Impassible au milieu de ce chaos, M. de Freneuse donne l’ordre de hisser la chaloupe sur ses porte-manteaux. Vingt personnes embarquent ; mais au moment où la dernière prend place, un des palans manque : et la moitié de cette grappe humaine est précipitée dans l’abîme pendant que ceux qui restent, se cramponnent aux plats-bord de l’embarcation, suspendue en l’air. Pas un muscle n’a bronché sur la figure de M. de Freneuse, à la vue de cette nouvelle catastrophe. D’une voix forte il donne l’ordre de filer le palan d’arrière. Mais au moment où la chaloupe reprend son équilibre et touche au flot, une vague brise le gouvernail de l’embarcation, et celle-ci mal assise, est rasée coup sur coup par deux lames. On parvient pourtant à pousser au large. Un des sous-officiers gouverne le mieux possible avec un mauvais aviron, et matelots et passagers trempés par la pluie qui tombait par torrents et masquait l’atterrage, la figure fouettée par les embruns de la mer, rament au plus près, en récitant à haute voix le confiteor, et en s’unissant au P. Crespel qui psalmodiait les versets du miserere. Pendant ce temps, un ressac terrible bat à la côte. On l’entend clairement à bord. Le bruit va grandissant. Tout-à-coup la chaloupe entre dans le tourbillon mugissant. Une lame énorme l’empoigne, la soulève, la chavire, et roule chacun pêle-mêle et meurtris sur le sable et sur les galets de la grève.

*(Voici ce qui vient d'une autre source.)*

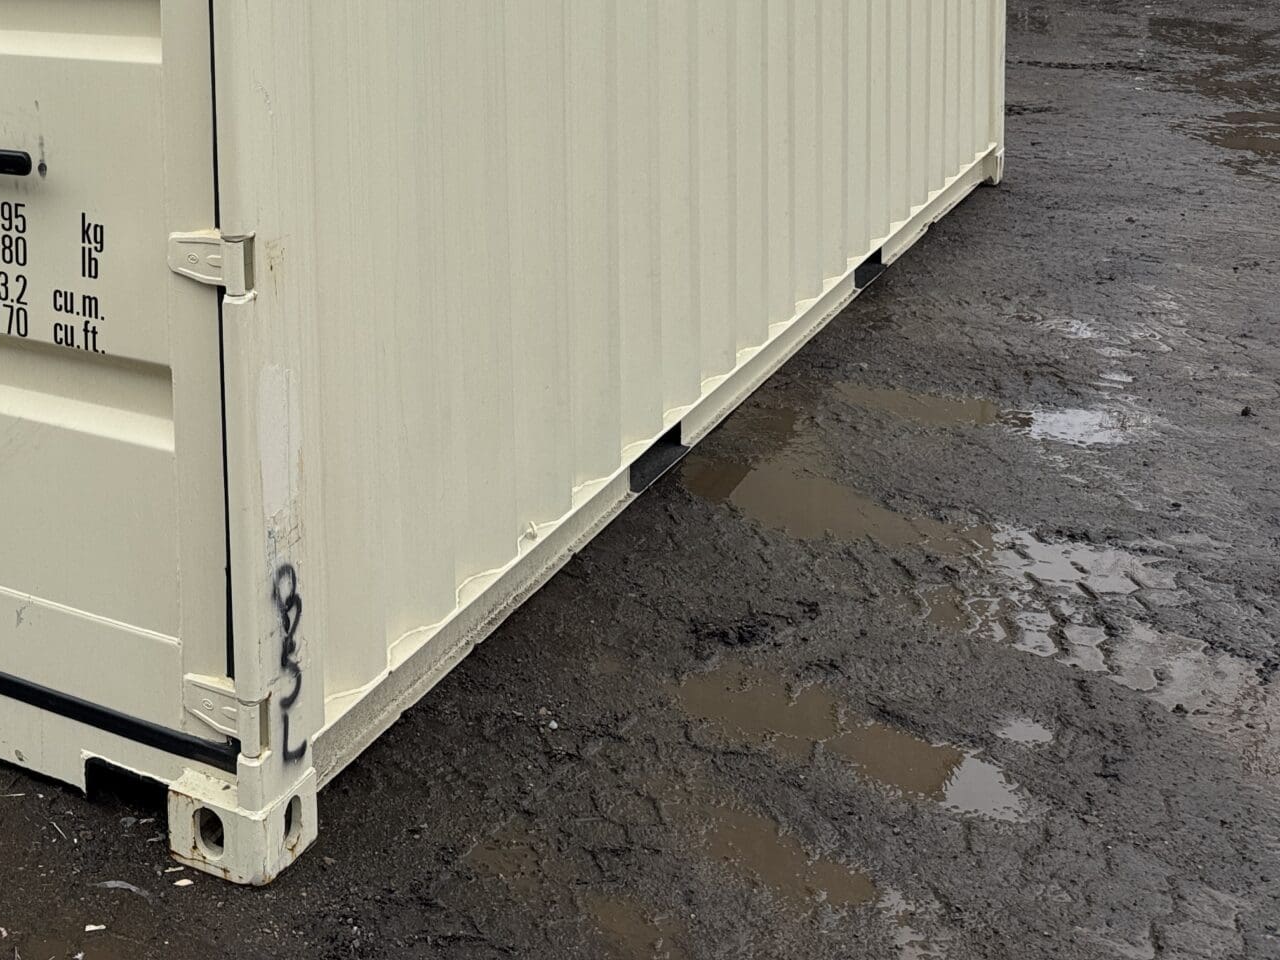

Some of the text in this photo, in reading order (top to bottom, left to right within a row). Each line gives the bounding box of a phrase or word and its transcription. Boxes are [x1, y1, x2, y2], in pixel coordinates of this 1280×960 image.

[81, 212, 104, 252] kg
[81, 246, 99, 279] lb
[53, 289, 105, 321] cu.m.
[53, 321, 105, 354] cu.ft.

Un nouvel acte de sang-froid venait de prolonger les jours de ces malheureux. Voyant la chaloupe grimper sur le dos de la dernière vague, et prévoyant qu’elle la reporterait au large, un matelot avait passé un grelin dans un organeau, l’avait enroulé autour de son poignet, et s’était laissé porter à terre avec lui.

La mer venait de lâcher sa proie ; mais la position des naufragés n’en était guère devenue meilleure. Le hasard les avait jetés sur un îlot que la marée haute recouvrait, et en gagnant la terre ferme, ils faillirent périr une troisième fois. Il fallait traverser à gué la rivière du Pavillon.

Quelques heures après, le petit canot monté par six personnes vint les rejoindre. Elles rapportaient que dix-sept matelots n’avaient pas voulu abandonner M. de Freneuse. Ce dernier ne pouvait se décider à quitter son navire : et on peut se faire une triste idée de cette première nuit passée, par les uns sans abri, et sans feu sur cette terre déserte de l’Anticosti, par les autres sur un navire battu en brèche par la mer, et certains d’être engouffrés par elle d’une minute à l’autre.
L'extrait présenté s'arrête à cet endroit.